Return every line of the data below exactly, but do not include the images.

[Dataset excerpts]
- - - -

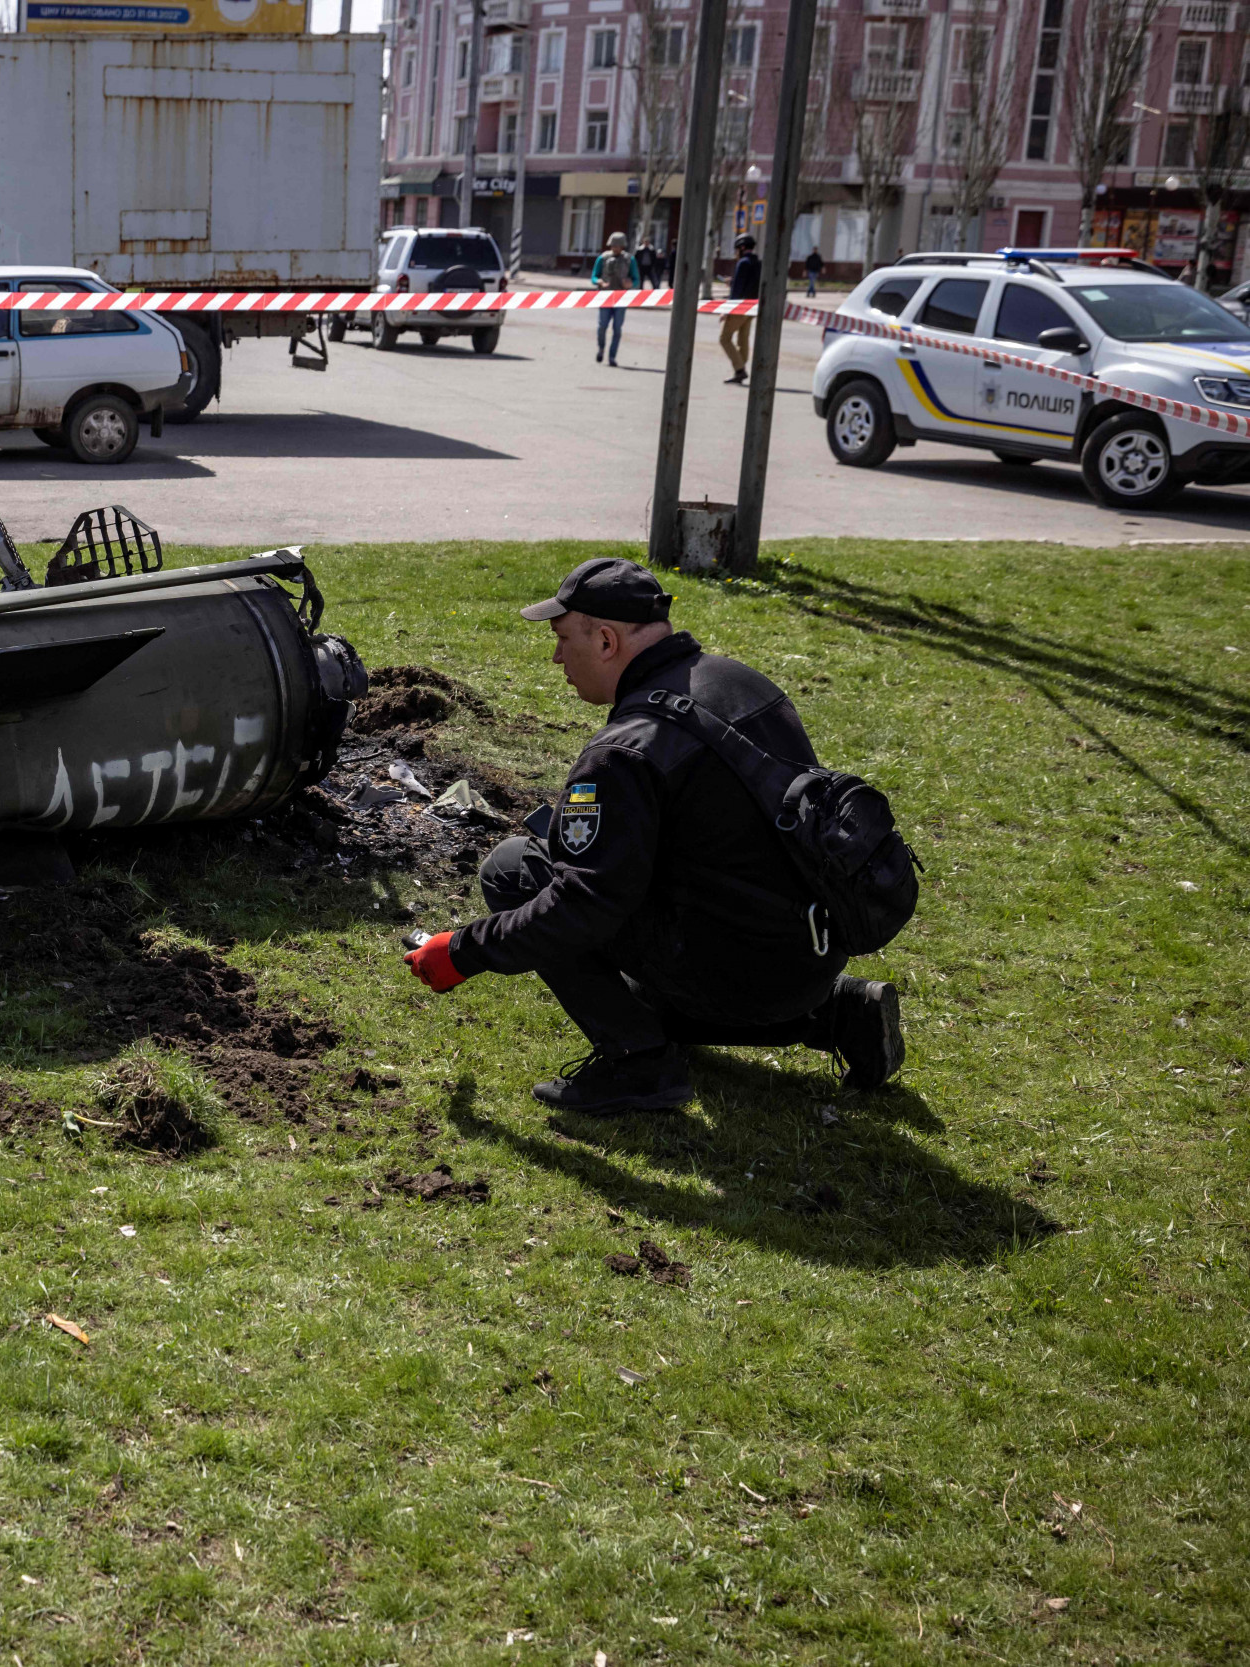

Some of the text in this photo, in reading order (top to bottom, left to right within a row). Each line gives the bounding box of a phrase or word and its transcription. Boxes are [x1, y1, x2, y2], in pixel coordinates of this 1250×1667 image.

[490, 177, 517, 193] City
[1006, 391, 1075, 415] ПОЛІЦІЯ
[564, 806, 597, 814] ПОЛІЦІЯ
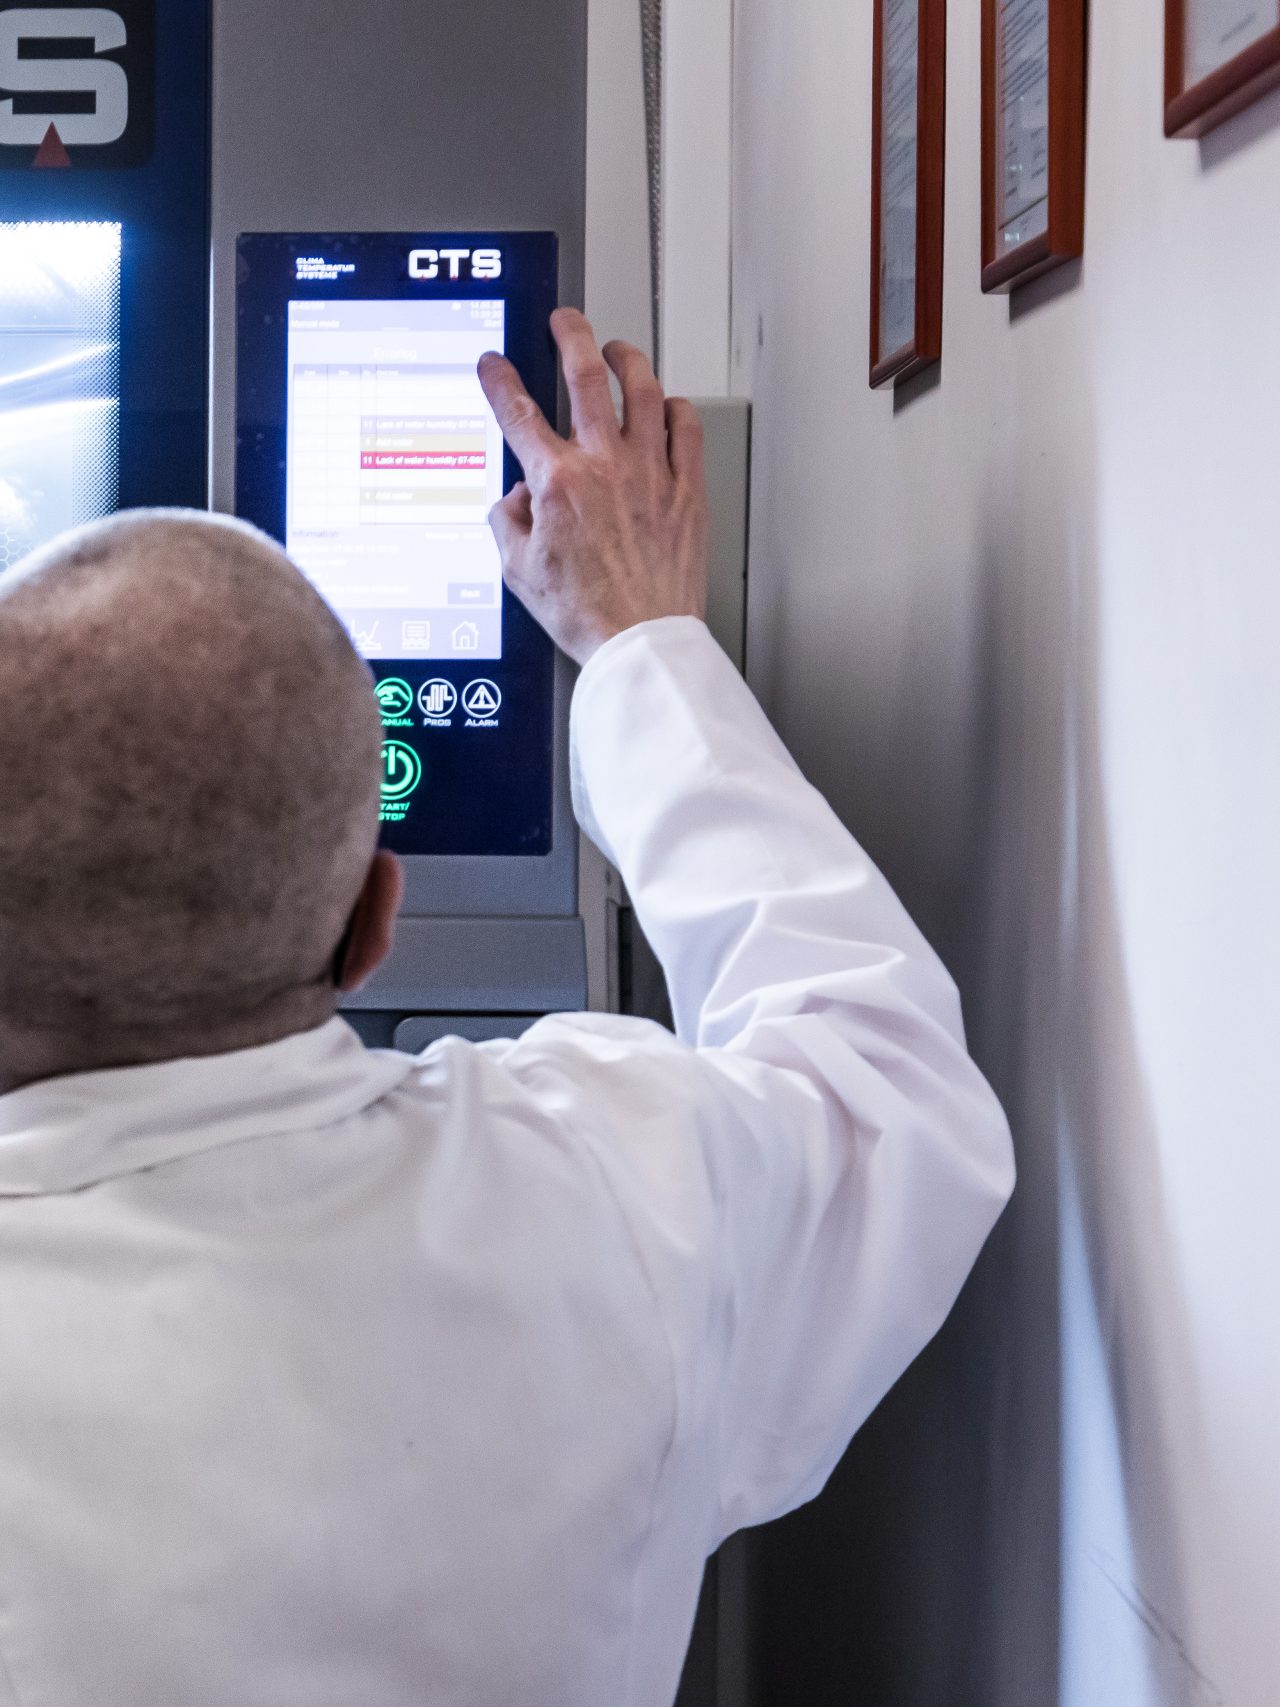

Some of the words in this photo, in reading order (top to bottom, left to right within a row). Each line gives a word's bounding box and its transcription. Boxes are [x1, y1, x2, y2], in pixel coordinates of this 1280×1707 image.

- - - -

[FINISHED EXERCISE]
Some of the text in this photo, in reading order (top to bottom, left to right within a row). Each line gives the bounding box of a phrase or word and its transcription. Boxes are [x1, y1, x2, y2], in pixel coordinates of this 1250×1667 image.

[490, 177, 517, 193] City
[1006, 391, 1075, 415] ПОЛІЦІЯ
[564, 806, 597, 814] ПОЛІЦІЯ

Some of the words in this photo, in reading order (top to bottom, left to right within a row). Each line gives a word's bounding box and its transcription. Boxes are [x1, y1, x2, y2], in pixel coordinates of this 1280×1707 image.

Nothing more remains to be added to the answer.